(EXERCISE DIRECTIONS) Write out the full listing exactly as given, minus the images.

= = =

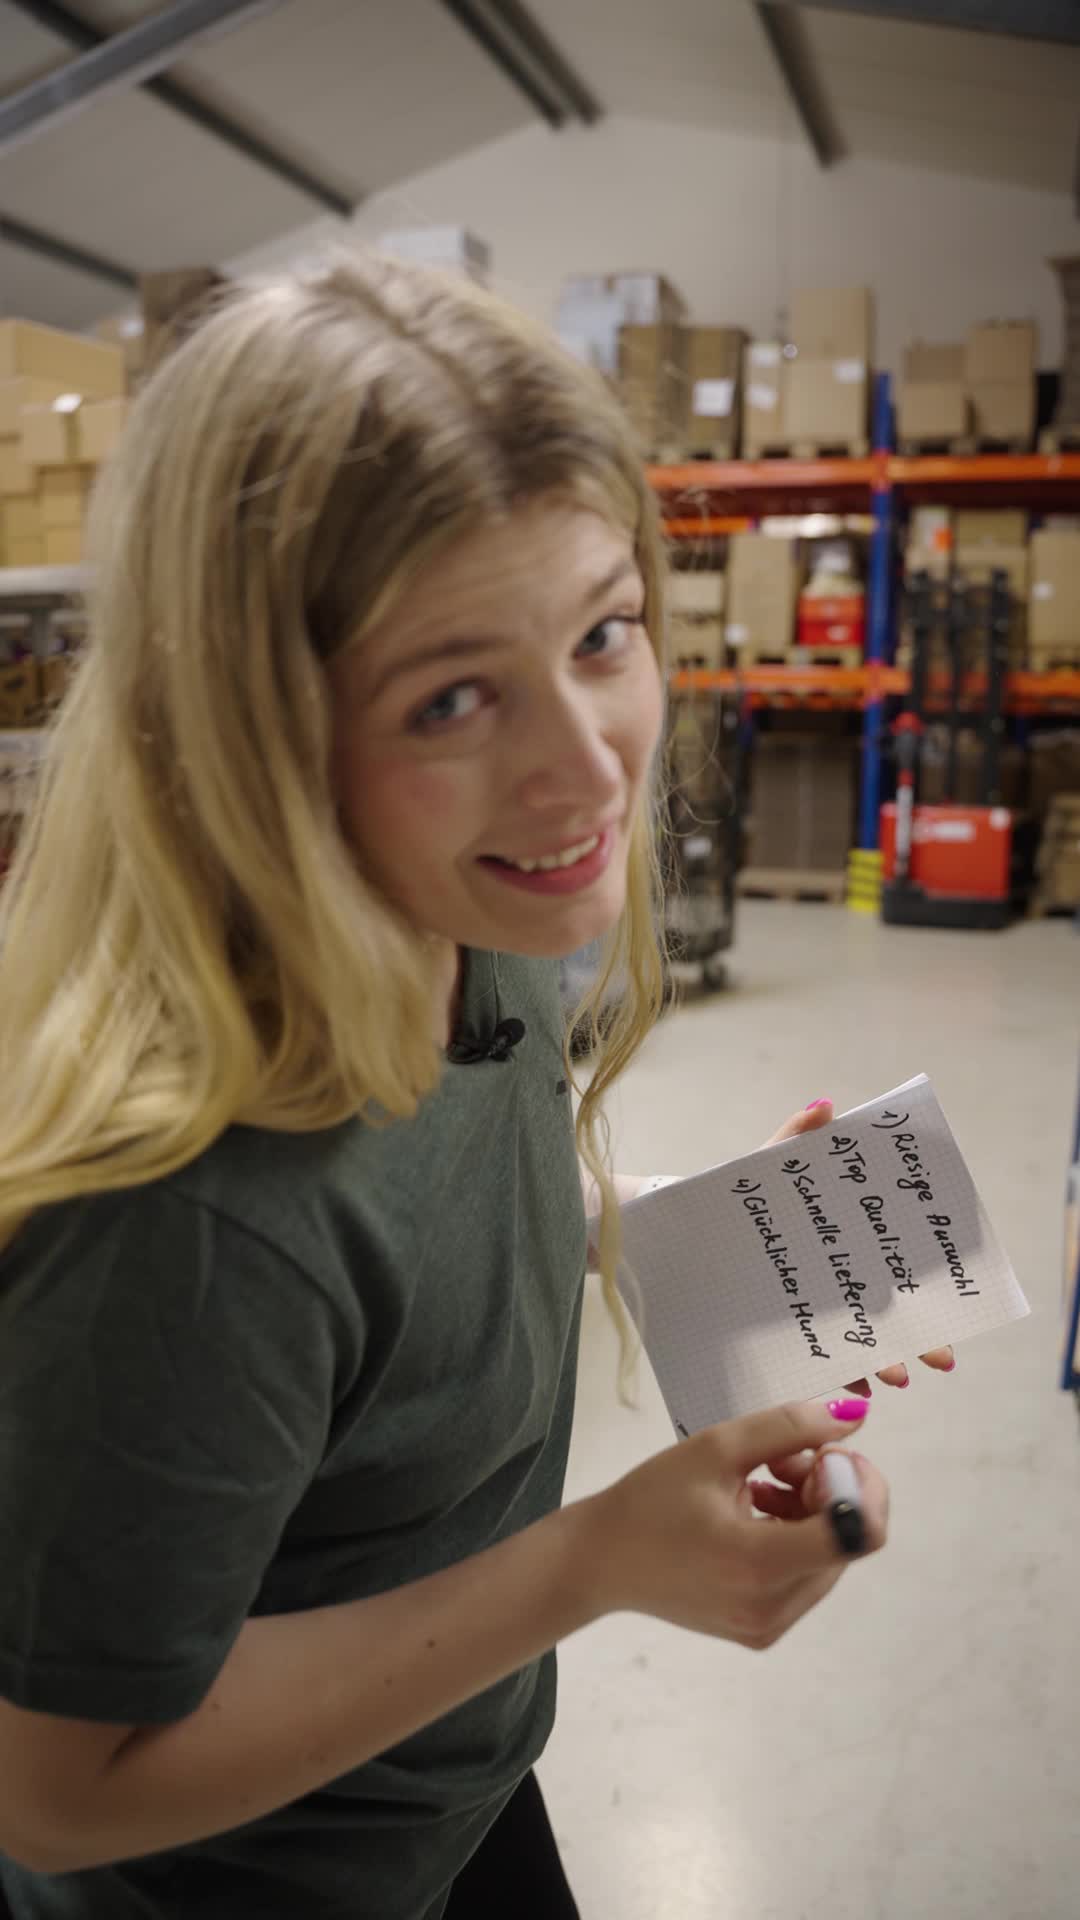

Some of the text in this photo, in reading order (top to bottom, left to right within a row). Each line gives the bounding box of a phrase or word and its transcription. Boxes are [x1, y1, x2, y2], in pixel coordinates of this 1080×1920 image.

[838, 1151, 867, 1183] Top
[859, 1195, 920, 1295] Qualität
[871, 1110, 981, 1297] 1) Riesige Auswahl
[789, 1302, 831, 1359] Hund
[828, 1253, 877, 1348] Lieferung
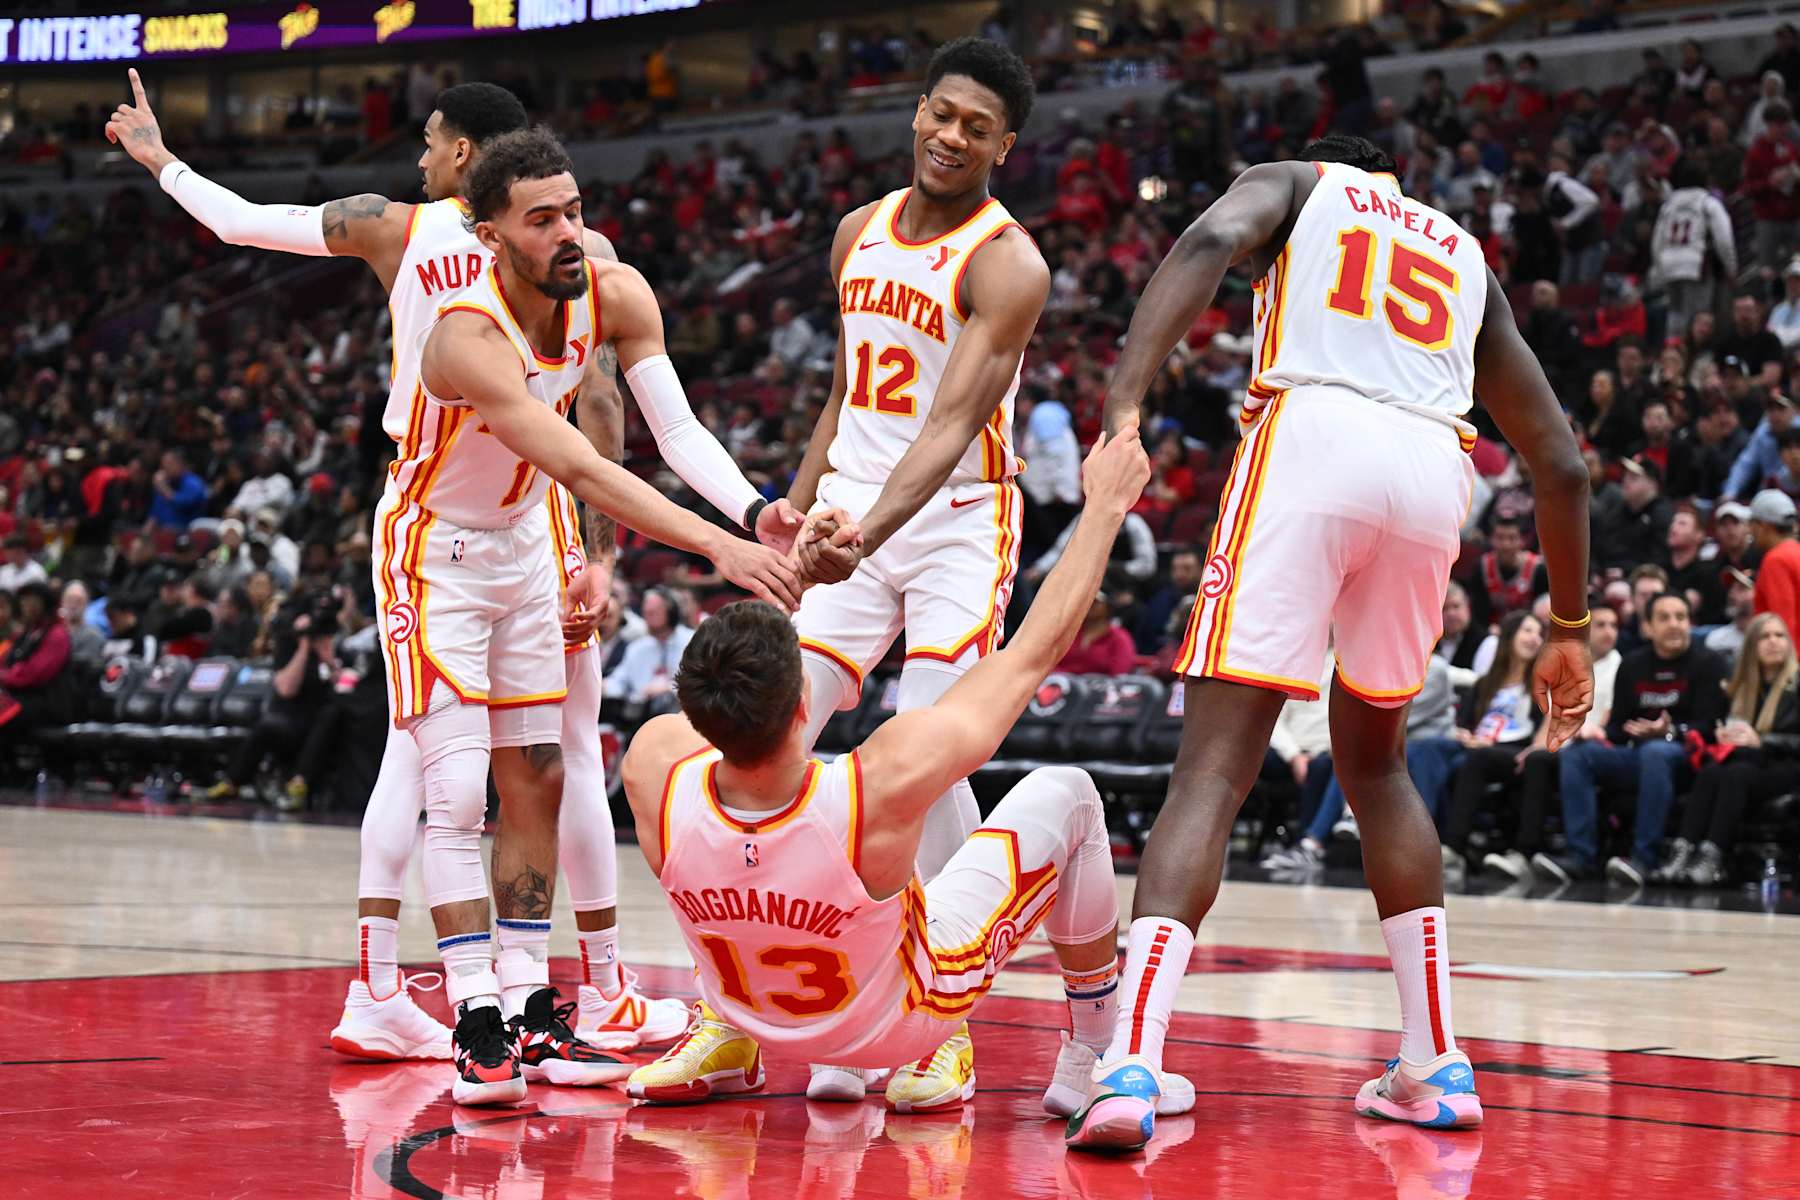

= = =

(YOUR RESPONSE)
Some of the text in this photo, in reading order (top to bottom, left to right within a row). Each line gives the bounding box of a phrase or word and its transcription. Boxes are [x1, y1, x2, y2], in pixel coordinates of this 1080×1920 image.

[838, 1151, 867, 1183] Top
[859, 1195, 920, 1295] Qualität
[871, 1110, 981, 1297] 1) Riesige Auswahl
[789, 1302, 831, 1359] Hund
[828, 1253, 877, 1348] Lieferung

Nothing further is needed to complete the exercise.